DATASET RECORDS:
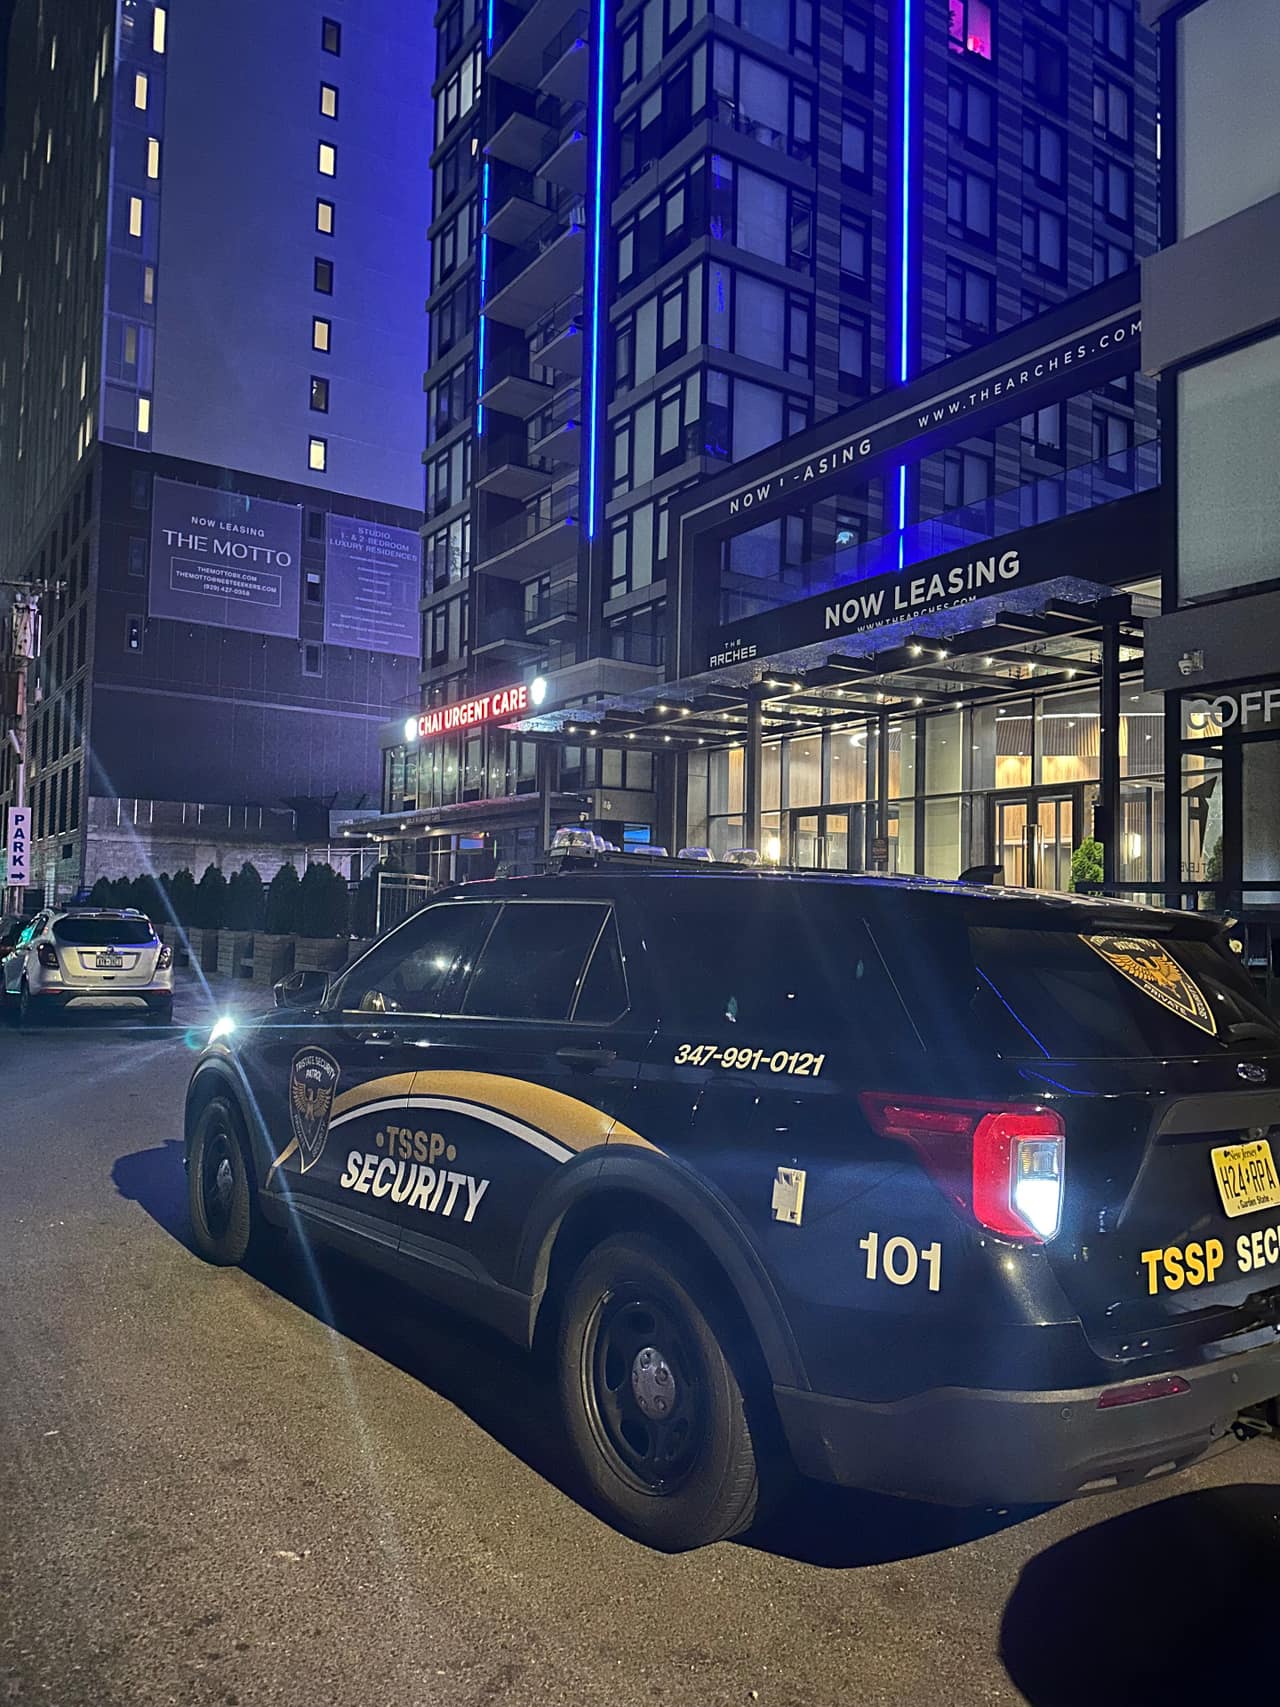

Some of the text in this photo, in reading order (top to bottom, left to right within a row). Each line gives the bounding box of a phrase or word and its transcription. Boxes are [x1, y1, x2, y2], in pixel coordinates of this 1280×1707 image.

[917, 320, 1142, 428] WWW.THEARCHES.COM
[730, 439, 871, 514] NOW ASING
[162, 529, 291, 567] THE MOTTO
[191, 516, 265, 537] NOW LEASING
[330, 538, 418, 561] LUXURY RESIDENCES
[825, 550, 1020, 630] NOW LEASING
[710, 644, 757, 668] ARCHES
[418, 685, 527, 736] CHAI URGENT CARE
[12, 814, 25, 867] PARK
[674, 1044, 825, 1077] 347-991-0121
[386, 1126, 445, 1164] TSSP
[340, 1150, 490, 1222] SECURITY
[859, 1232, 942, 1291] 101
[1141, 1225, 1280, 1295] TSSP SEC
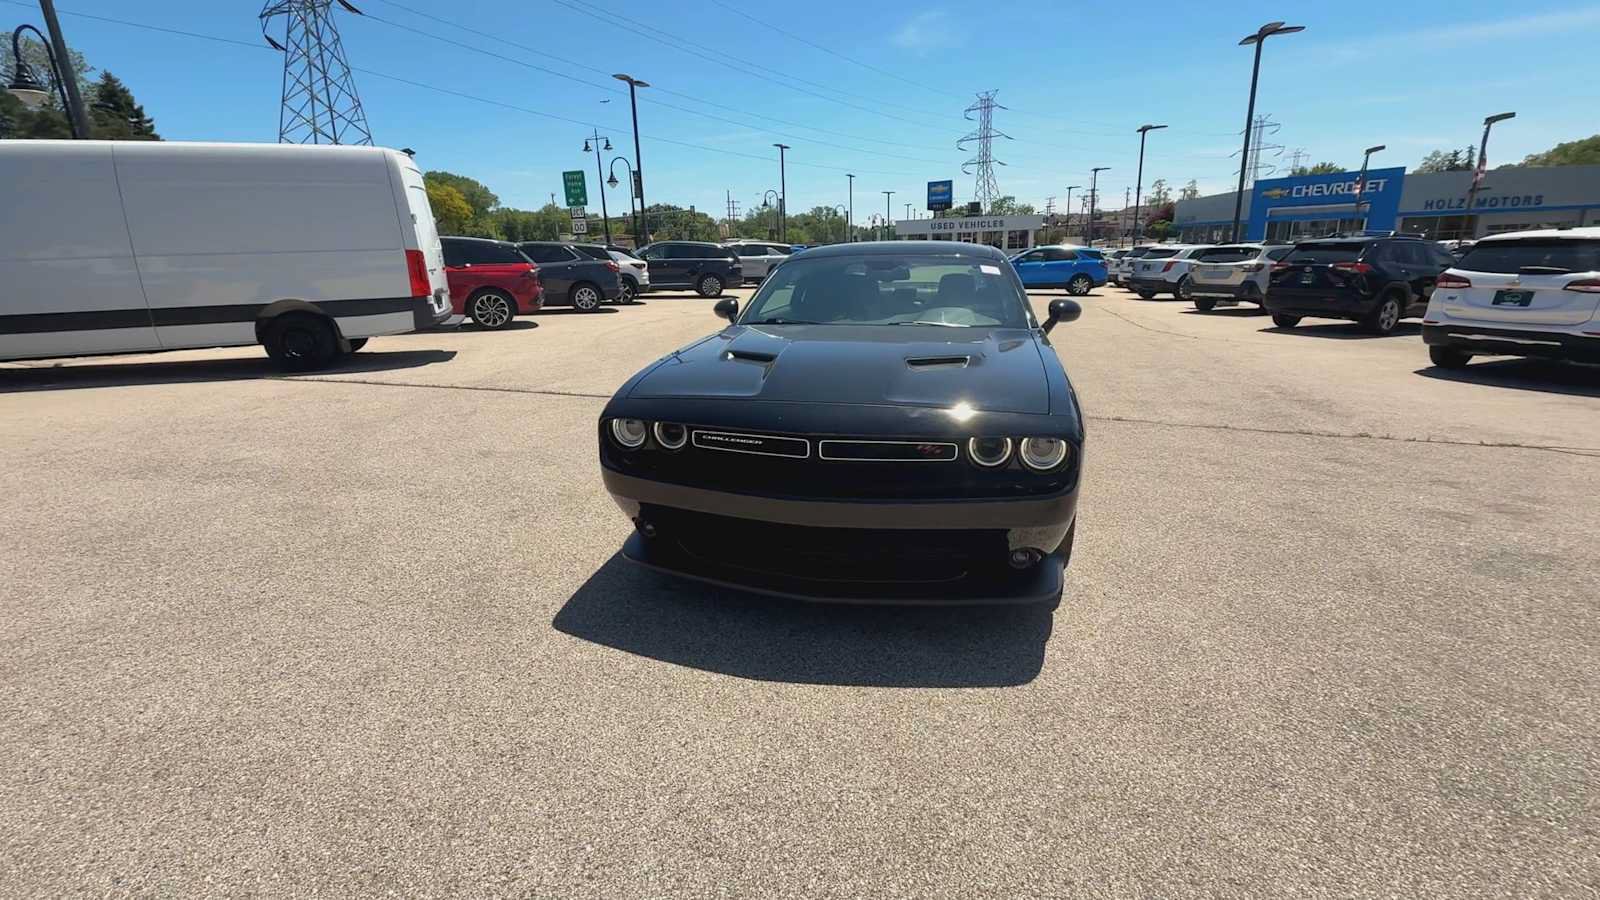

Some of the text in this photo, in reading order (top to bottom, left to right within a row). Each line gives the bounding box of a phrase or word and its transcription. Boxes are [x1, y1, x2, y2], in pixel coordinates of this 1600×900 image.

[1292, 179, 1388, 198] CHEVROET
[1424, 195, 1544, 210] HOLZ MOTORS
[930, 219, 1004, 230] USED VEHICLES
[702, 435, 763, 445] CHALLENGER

WHAT THE EXERCISE ASKS: Above are records with pictures; repeat the records exactly and leave the pictures out.

OUTPUT BELOW:
Some of the text in this photo, in reading order (top to bottom, left to right within a row). Each line gives the bounding box of a phrase or word and its transcription. Boxes are [x1, y1, x2, y2], in pixel coordinates of this 1280×1707 image.

[917, 320, 1142, 428] WWW.THEARCHES.COM
[730, 439, 871, 514] NOW ASING
[162, 529, 291, 567] THE MOTTO
[191, 516, 265, 537] NOW LEASING
[330, 538, 418, 561] LUXURY RESIDENCES
[825, 550, 1020, 630] NOW LEASING
[710, 644, 757, 668] ARCHES
[418, 685, 527, 736] CHAI URGENT CARE
[12, 814, 25, 867] PARK
[674, 1044, 825, 1077] 347-991-0121
[386, 1126, 445, 1164] TSSP
[340, 1150, 490, 1222] SECURITY
[859, 1232, 942, 1291] 101
[1141, 1225, 1280, 1295] TSSP SEC

Some of the text in this photo, in reading order (top to bottom, left to right within a row). Each line gives the bounding box of a phrase or word and its transcription. Boxes are [x1, y1, x2, y2], in pixel coordinates of this 1600×900 image.

[1292, 179, 1388, 198] CHEVROET
[1424, 195, 1544, 210] HOLZ MOTORS
[930, 219, 1004, 230] USED VEHICLES
[702, 435, 763, 445] CHALLENGER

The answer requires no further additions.